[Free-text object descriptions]
####################
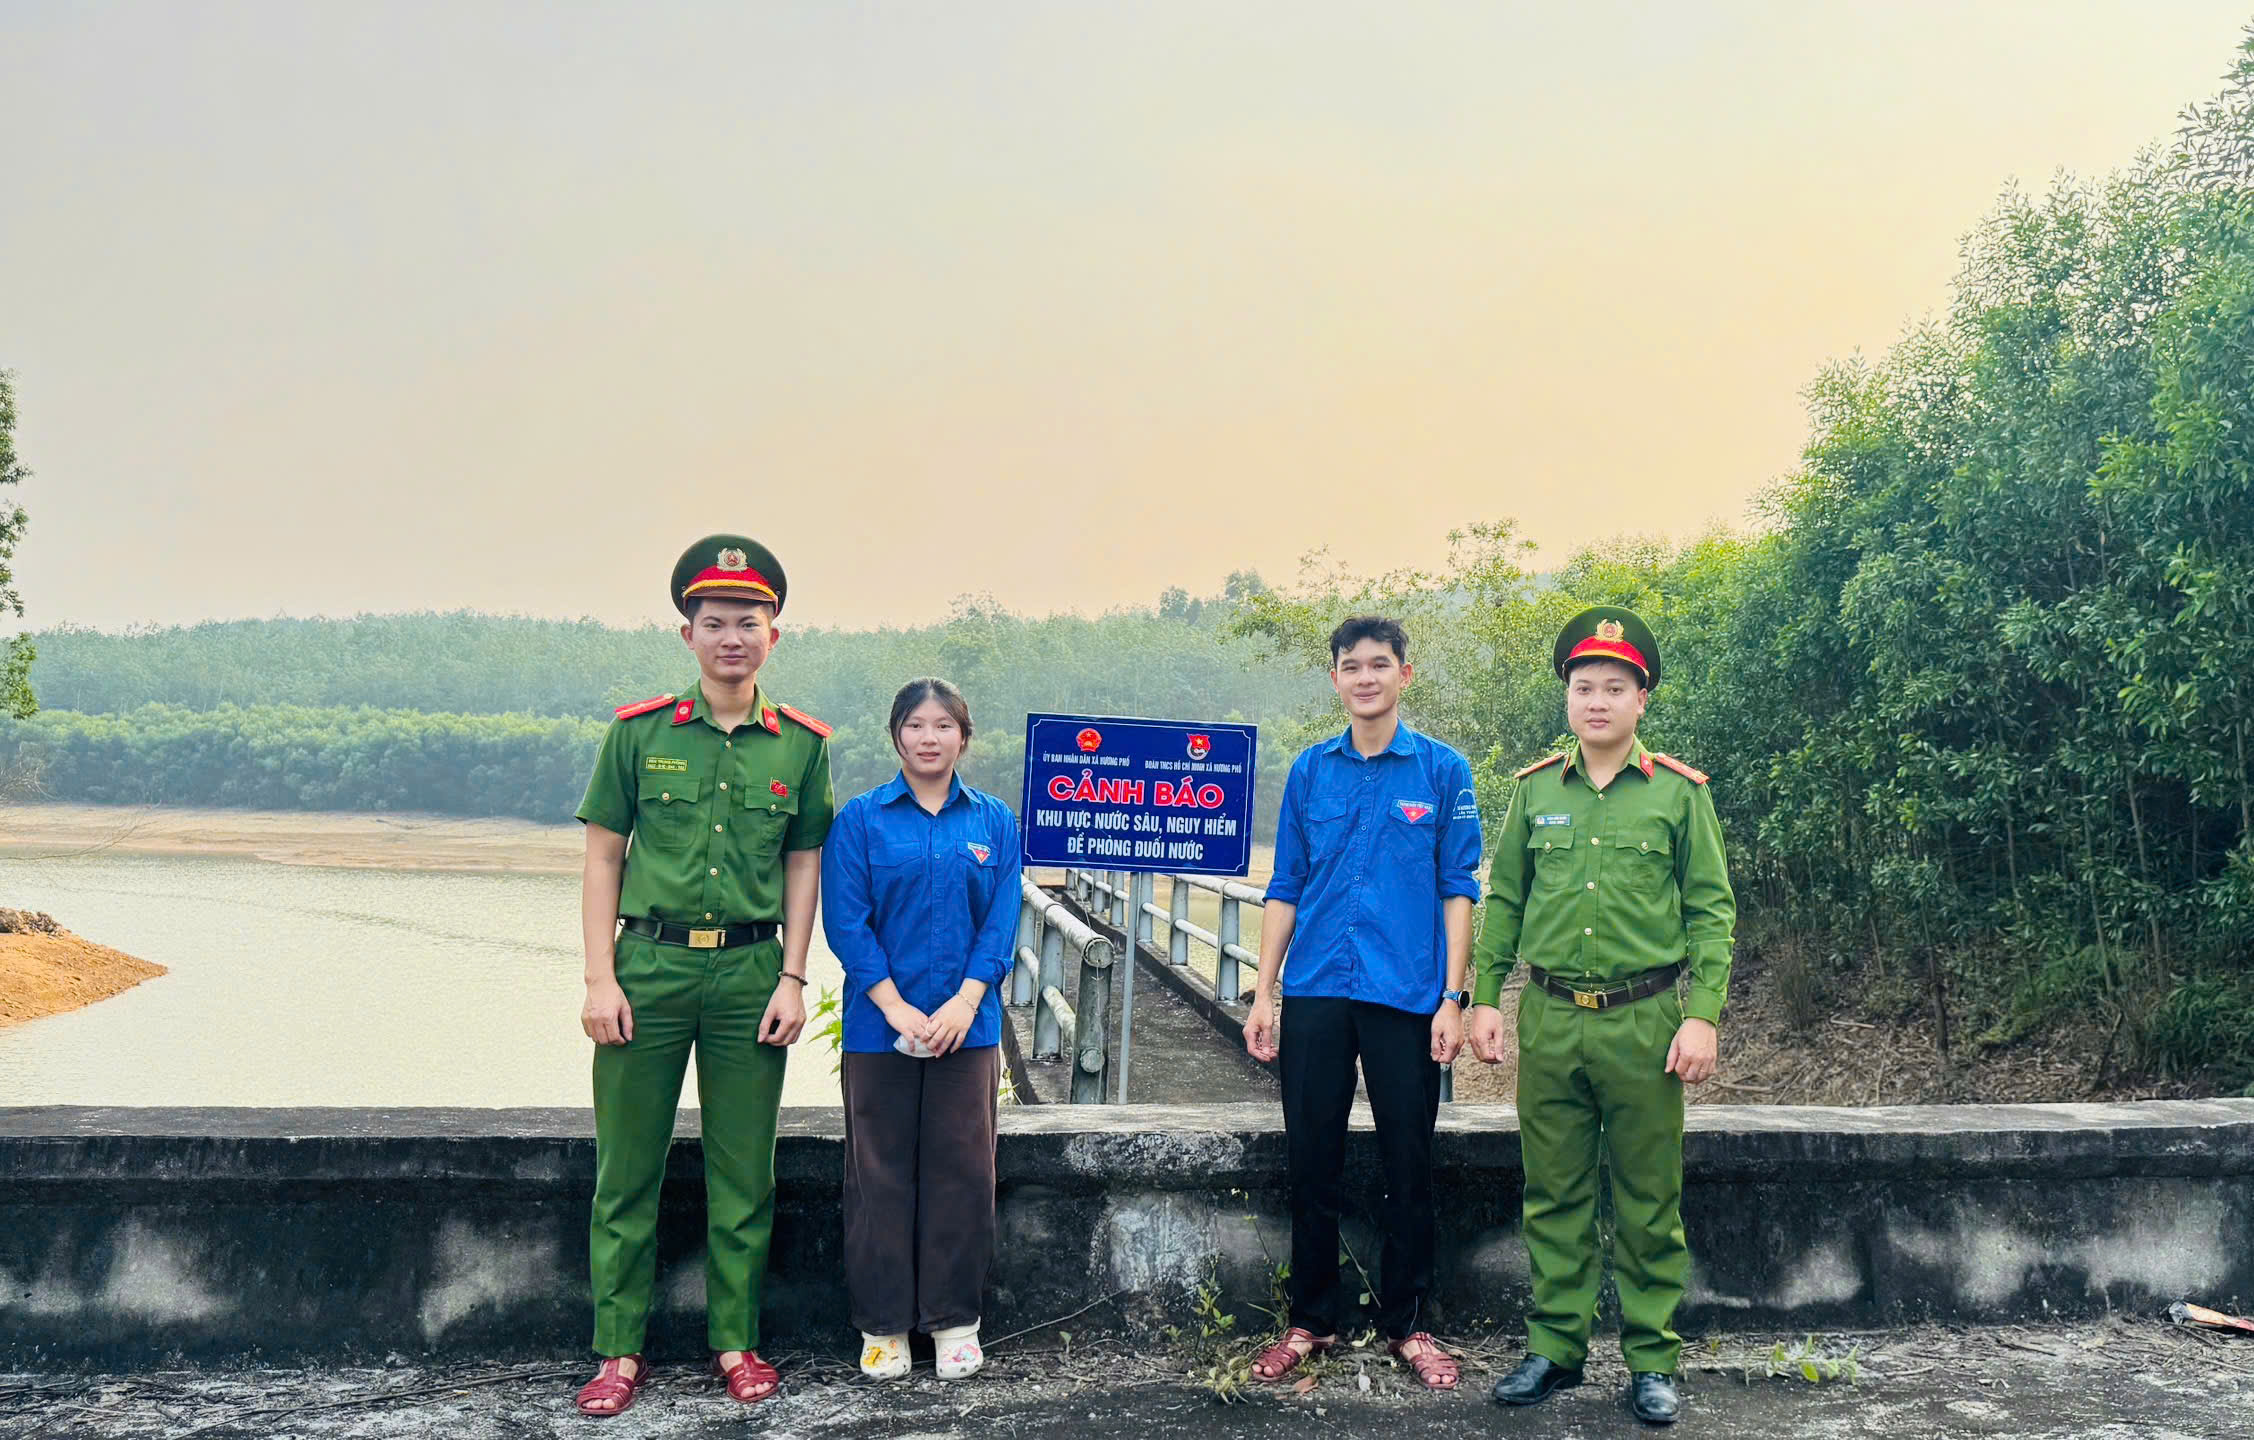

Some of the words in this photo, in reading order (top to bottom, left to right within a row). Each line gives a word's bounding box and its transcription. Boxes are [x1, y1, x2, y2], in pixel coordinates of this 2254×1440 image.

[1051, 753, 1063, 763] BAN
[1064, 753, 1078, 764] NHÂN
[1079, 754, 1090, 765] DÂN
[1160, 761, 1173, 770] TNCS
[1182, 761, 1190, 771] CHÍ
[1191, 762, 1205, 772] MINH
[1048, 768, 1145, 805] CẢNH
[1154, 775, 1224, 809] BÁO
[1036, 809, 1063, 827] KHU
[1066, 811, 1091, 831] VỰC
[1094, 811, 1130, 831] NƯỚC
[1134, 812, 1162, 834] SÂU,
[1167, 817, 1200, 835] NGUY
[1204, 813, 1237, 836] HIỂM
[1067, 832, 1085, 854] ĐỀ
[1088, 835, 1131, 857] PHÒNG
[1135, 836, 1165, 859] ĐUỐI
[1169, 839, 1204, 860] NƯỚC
####################
> _DIRECTIONS_
Restate the entries verbatim and exclude any pictures.

> _OUTPUT OF THE EXERCISE_
Some of the words in this photo, in reading order (top to bottom, left to right within a row). Each line gives a word's bounding box and its transcription. Boxes are [x1, y1, x2, y2], in pixel coordinates of this 2254×1440 image.

[1051, 753, 1063, 763] BAN
[1064, 753, 1078, 764] NHÂN
[1079, 754, 1090, 765] DÂN
[1160, 761, 1173, 770] TNCS
[1182, 761, 1190, 771] CHÍ
[1191, 762, 1205, 772] MINH
[1048, 768, 1145, 805] CẢNH
[1154, 775, 1224, 809] BÁO
[1036, 809, 1063, 827] KHU
[1066, 811, 1091, 831] VỰC
[1094, 811, 1130, 831] NƯỚC
[1134, 812, 1162, 834] SÂU,
[1167, 817, 1200, 835] NGUY
[1204, 813, 1237, 836] HIỂM
[1067, 832, 1085, 854] ĐỀ
[1088, 835, 1131, 857] PHÒNG
[1135, 836, 1165, 859] ĐUỐI
[1169, 839, 1204, 860] NƯỚC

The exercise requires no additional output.